Biyopsi, vücudun herhangi bir bölgesindeki bir organdan ya da saptanan kitleden, tanı koymak amacıyla doku parçası ya da hücre örneğinin alınması işlemidir.
Biyopsi işlemi, vücudunuzdaki bir organın anormal fonksiyon göstermesi ya da muayene veya görüntüleme yöntemleri ile bir kitlenin saptanması durumunda kitlenin iyi huylu ya da kötü huylu olduğunun belirlenmesi, kanserin yanısıra immün sistem hastalıkları, tüberküloz gibi enfeksiyöz veya hepatit-nefrit gibi inflamatuar pek çok hastalığa tanı konulmasını sağlar. Bunun dışında biyopsi sonucu kanser ile uyumlu ise tümörün türü ve hangi evrede olduğu belirlenerek uygun tedavi planı yapılır.
Tiroid nodülleri, meme kitleleri, lenf nodları, akciğerdeki nodüller, karın içerisindeki organlarda saptanan kitleler, hepatit gibi karaciğerde hasarlanmaya yol açan durumlar, prostat, kemik iliği, kas, cilt ve yumuşak dokulardaki kitleler için biyopsi işlemi yapılabilir.
Biyopsi işlemi için uygulanan yöntem, lokal anestezi sonrası farklı iğneler kullanılarak dokudan küçük parçalar alma şeklinde olabileceği gibi ameliyathanede genel anestezi altında tüm dokunun çıkarılması yoluyla da olabilir. Alınan örnekler belirli işlemlerden geçirilir ve mikroskop aracılığıyla patoloji uzmanları tarafından değerlendirilir.

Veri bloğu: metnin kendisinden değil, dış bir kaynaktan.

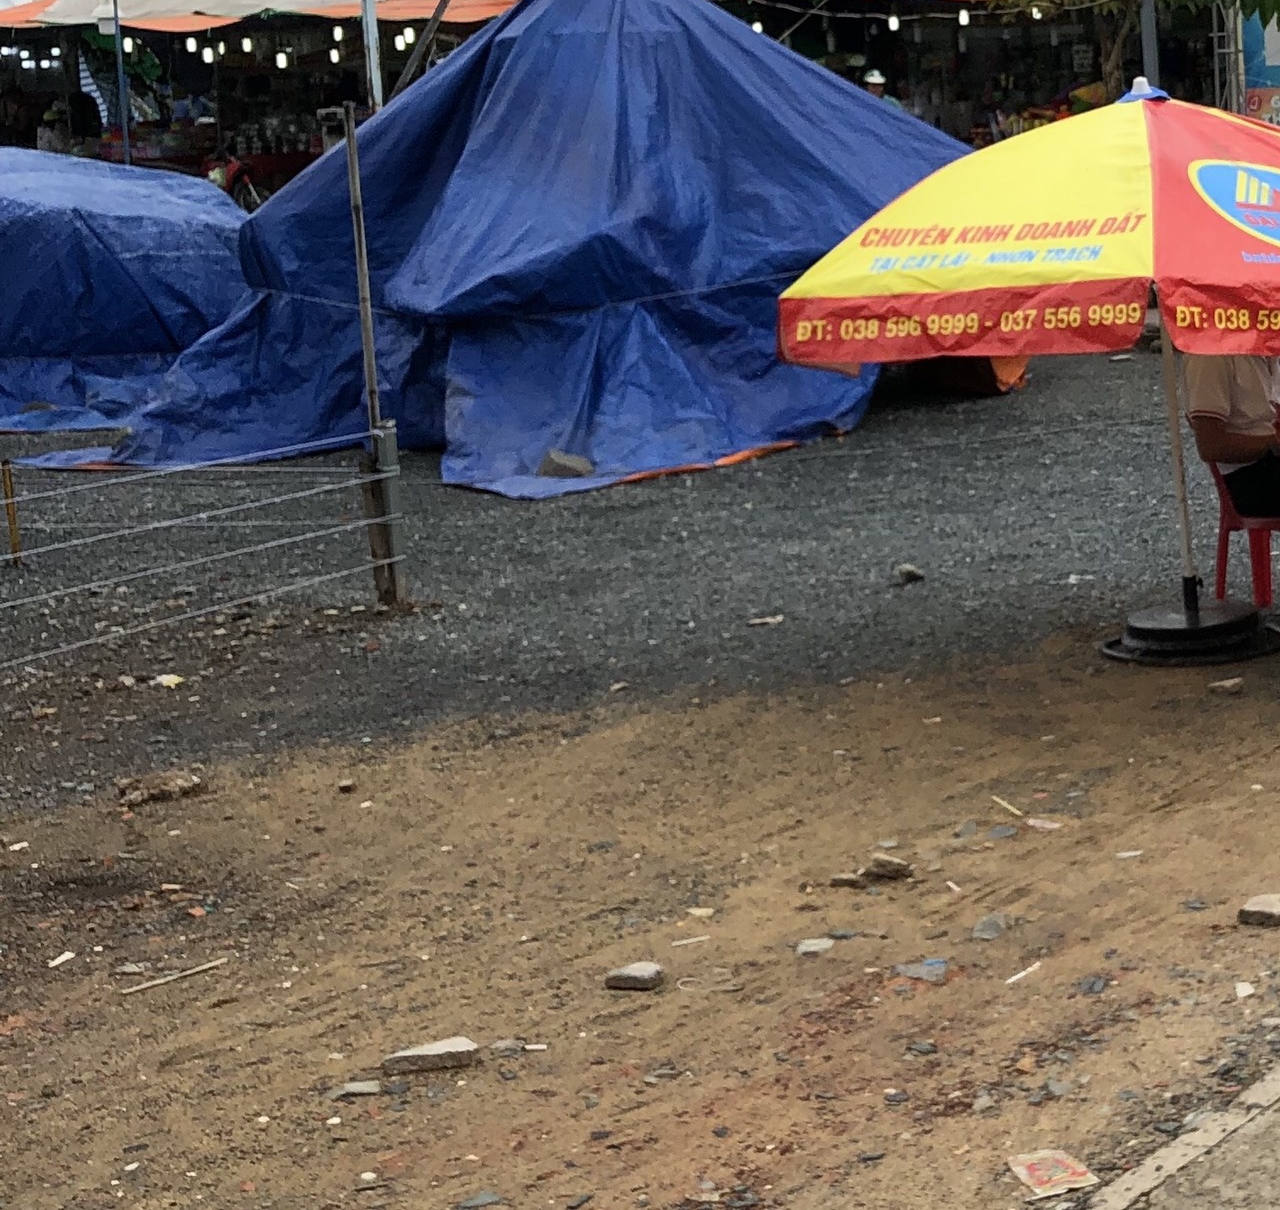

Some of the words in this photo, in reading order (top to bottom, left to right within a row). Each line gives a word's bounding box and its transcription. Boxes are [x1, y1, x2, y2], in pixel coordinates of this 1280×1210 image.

[859, 224, 952, 249] CHUYÊN
[954, 224, 1013, 245] KINH
[1014, 218, 1098, 241] DOANH
[1099, 206, 1147, 236] ĐẤT
[983, 249, 1040, 266] NHƠN
[1041, 245, 1104, 265] TRẠCH
[796, 320, 833, 342] ĐT:
[840, 319, 879, 340] 038
[885, 317, 921, 339] 596
[926, 313, 979, 336] 9999
[1000, 309, 1037, 332] 037
[1043, 306, 1082, 329] 556
[1087, 303, 1142, 326] 9999
[1176, 306, 1209, 329] ĐT:
[1214, 308, 1251, 330] 038

Biyopsi özellikle kanserli dokulara tanı konulmasında önemli bir yere sahiptir. Hastalarda zaman zaman biyopsi işlemi ile kanserin yayılabileceği ya da kötüleşebileceği konusunda yanlış bir korku olabilmektedir. Bu nedenle biyopsi yaptırmaktan kaçınmakta tanı ve tedavinin gecikmesine yol açabilmektedir. Lokal anestezi eşliğinde yapılan iğne biyopsileri ya da açık cerrahi yöntemle yapılan biyopsilerin kanserin yayılmasına ya da kötüleşmesine sebep olma olasılığı normal şartlarda oldukça düşüktür. Yapılan araştırmalarda iğne biyopsisi ile lokal nüks ya da kanserden ölüm oranı arasında anlamlı bir ilişki bulunamamıştır.

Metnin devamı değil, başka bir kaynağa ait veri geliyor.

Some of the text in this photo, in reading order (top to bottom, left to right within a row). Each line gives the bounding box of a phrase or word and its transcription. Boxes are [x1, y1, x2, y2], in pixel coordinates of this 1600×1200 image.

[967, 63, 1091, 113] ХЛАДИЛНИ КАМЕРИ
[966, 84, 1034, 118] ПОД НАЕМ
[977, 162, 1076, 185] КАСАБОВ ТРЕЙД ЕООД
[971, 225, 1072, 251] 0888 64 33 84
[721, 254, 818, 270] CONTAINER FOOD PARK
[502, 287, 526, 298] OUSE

Bazı tümörlerde iğnenin girdiği yerden iğne yolunda hücrenin dökülmesi riski mevcuttur. Biyopsi sonrası iğne yolunda ekilme nedeniyle lokal nüks görülme olasılığı çok nadir olup ancak bazı tümör tiplerinde görülebilir. Ancak biyopsi sonucu kanser ile uyumlu olarak gelirse, genellikle iğne yolunda dökülen hücreler immün sistem aracılığıyla büyük oranda uzaklaştırılır ya da mevcut tümör için uygulanacak cerrahi yöntemler veya cerrahi öncesi-sonrası kemoterapi/radyoterapi tedavileri ile bu hücrelerin de yok edilmesi sağlanır.
Biyopsi uygulamaları tüm dünyada oldukça yaygın olarak kullanılmakta ve birçok hastanın tanısının kesinleştirilerek doğru tedavi planlamalarının uygulanabilmesine olanak sağlamaktadır.
Biyopsi işleminin tek başına, dokuları olumsuz etkileyerek hücrelerin anormal olarak çoğalmasına yol açması ya da kanser oluşturması yönünde bir bilgi mevcut değildir.
Biyopsi sırasında ya da sonrasında en sık karşılaşılan problemler kanama, ağrı ve enfeksiyondur. Özellikle kan sulandırıcı ilaç kullananlarda ve pıhtılaşma problemi ya da kanamaya eğilimi bulunan kişilerde kanama riski artmaktadır. Bu nedenle riski artıran aspirin gibi ilaç kullanan kişilerin işlemi gerçekleştirecek hekimin bilgisi dahilinde bu ilaçları işlemden birkaç gün öncesinde kesmesi ya da farklı bir ilaç kullanması gerekebilir.
Ağrı, biyopsi yapılan alana ve kişinin ağrı eşiğine bağlı değişkenlik gösterir. Ağrı genellikle hafif düzeyde olup aspirin dışı ağrı kesicilerle kısa sürede geçer. Biyopsi işlemi steril koşullarda gerçekleştirilmekle birlikte enfeksiyon olasılığı bulunmaktadır. Riskli olgularda antibiyotik tedavisi önerilebilir.